Last week, the PN coalition gained its first victory in parliament when it successfully removed Dewan Rakyat speaker Tan Sri Mohamad Ariff Md Yusof. This is seen as a vote of confidence for Prime Minister Tan Sri Muhyiddin Yassin.

However, the motion went through by a margin of only two votes.

Some analysts think it could be an opportune time for PN to seek a fresh five-year mandate from the people as Malaysia’s battle against the Covid-19 pandemic is perceived by many, including foreigners, as having been well-managed. Furthermore, the coalition’s economic stimulus packages have been welcomed by most citizens.

In a recent research note, Macquarie forecasts that a general election will be held from late August to early November and is expected to provide a medium-term catalyst for the market.

Increasingly, the pendulum seems to be swinging towards a PN win, which will please the business community as the coalition is seen to be pro-business, says the research house. “With a more stable political situation likely to bode well for economic activity, we would see an early election as a positive for the market in general, with pump-priming likely to come after, rather than before, an election, given time constraints, setting the stage for a positive end to 2020.”

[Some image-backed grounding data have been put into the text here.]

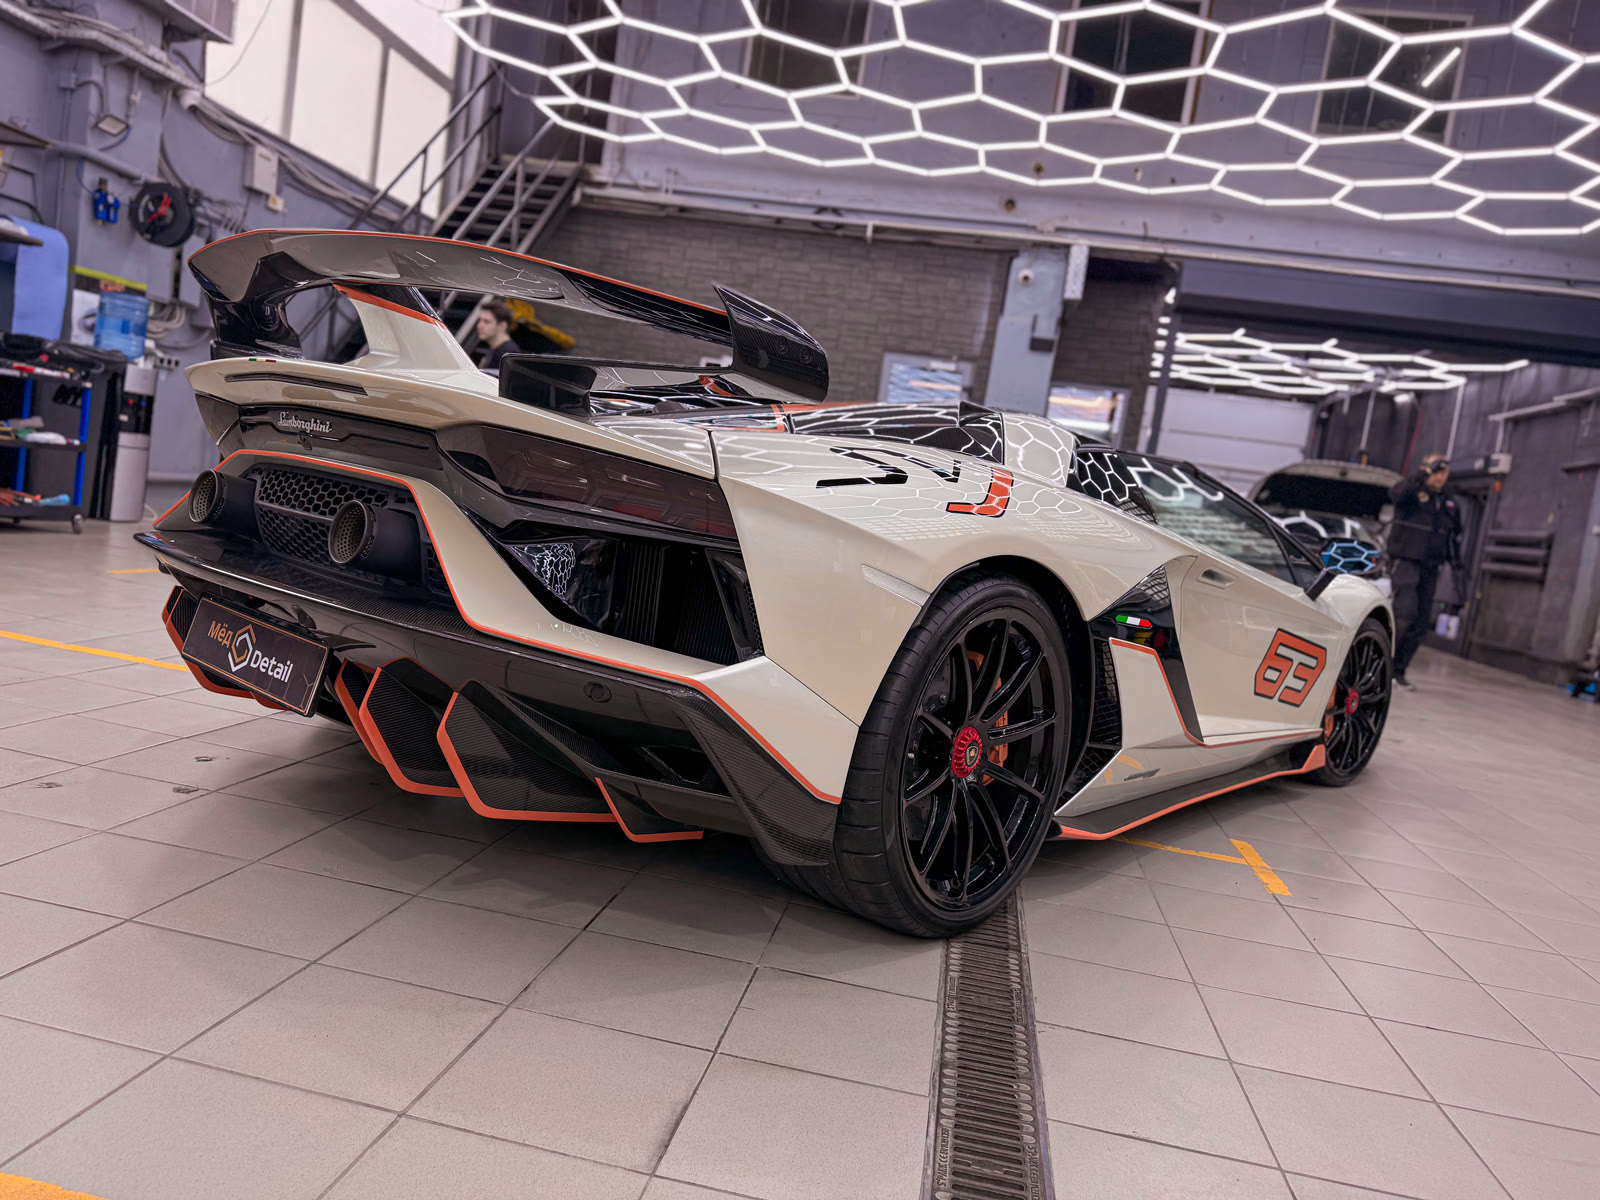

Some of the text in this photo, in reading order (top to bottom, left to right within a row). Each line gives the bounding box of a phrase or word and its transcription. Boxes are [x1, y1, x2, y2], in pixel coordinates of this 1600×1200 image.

[278, 411, 333, 433] Lamborghini
[250, 650, 294, 683] Detail
[1254, 627, 1327, 708] 63
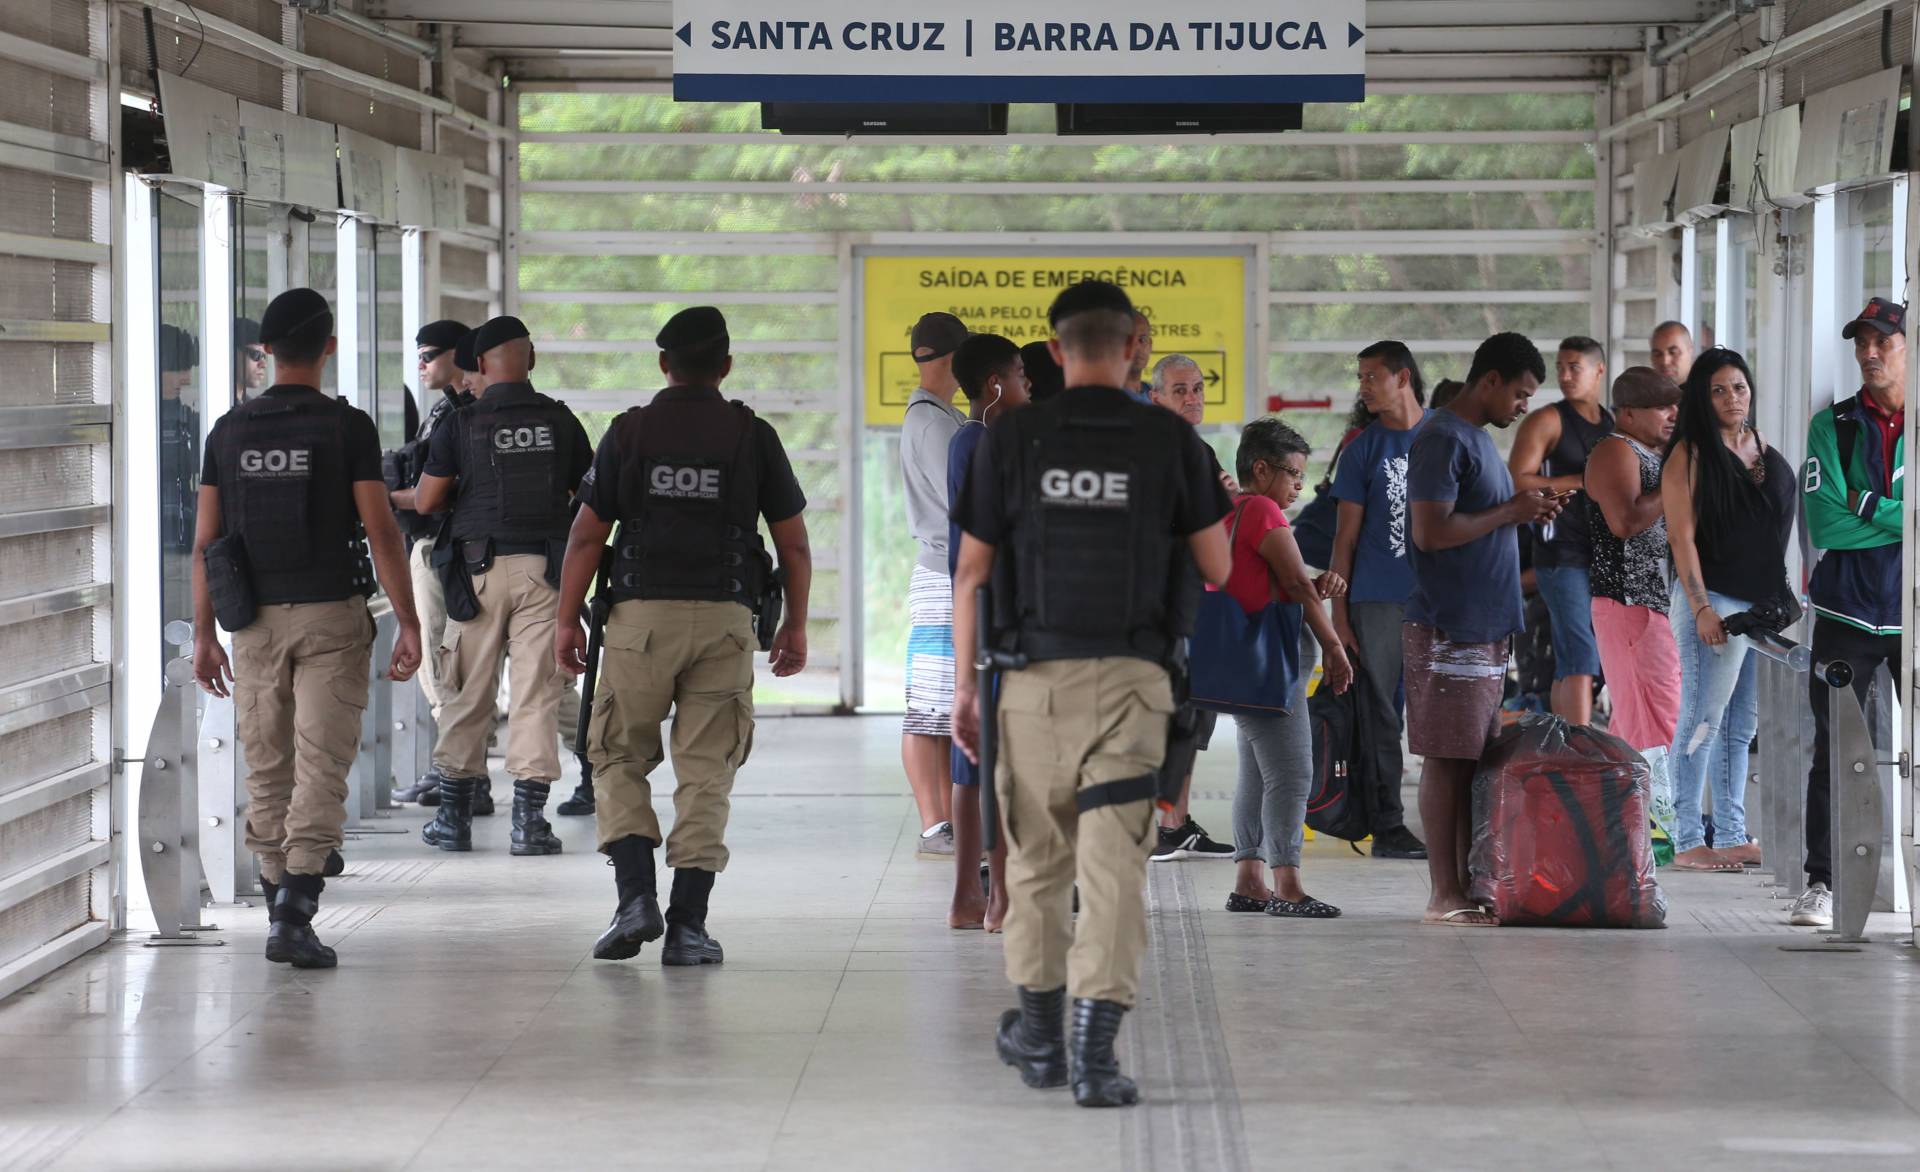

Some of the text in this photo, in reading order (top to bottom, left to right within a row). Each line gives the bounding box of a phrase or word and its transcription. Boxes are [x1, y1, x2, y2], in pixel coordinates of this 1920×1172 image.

[711, 20, 946, 51] SANTA CRUZ
[994, 21, 1328, 51] BARRA DA TIJUCA
[919, 267, 989, 288] SAÍDA
[996, 270, 1026, 288] DE
[991, 306, 1032, 319] PELO
[1003, 325, 1025, 337] NA
[494, 426, 552, 449] GOE
[240, 449, 309, 472] GOE
[650, 465, 720, 492] GOE
[1040, 468, 1129, 499] GOE

In fact, the political parties say they are well prepared for the 15th General Election (GE15). PAS Terengganu has urged its members to prepare for polls, which it expects to take place in November.

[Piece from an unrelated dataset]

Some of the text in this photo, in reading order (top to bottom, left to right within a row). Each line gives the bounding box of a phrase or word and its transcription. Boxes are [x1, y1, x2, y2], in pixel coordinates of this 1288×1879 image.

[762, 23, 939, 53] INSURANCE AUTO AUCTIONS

Looking at the trend in the past, the FBM KLCI rose between 1.5% and 16.7% three months before polling in GE11, GE13 and GE14. However, the benchmark index declined 2.8% to 9% in GE10 and GE12 — in the latter, it was partly because of the global financial crisis.

It was up 1.1% to 2.9% between the dissolution of parliament and polling in GE10 and GE11, but declined 8.9% in GE12. In GE13 and GE14, the drop was 0.2%.

Three months after polling, the key index increased the most — 33.7% — in GE10, followed by 6.4% in GE12 and 1.9% in GE13. It slipped 9.2% and 2.5% in GE11 and GE14 respectively.

Eden Inc Bhd and Thriven Global Bhd have come on the radar as both are linked to Datuk Fakhri Yassin Mahiaddin, Muhyiddin’s son.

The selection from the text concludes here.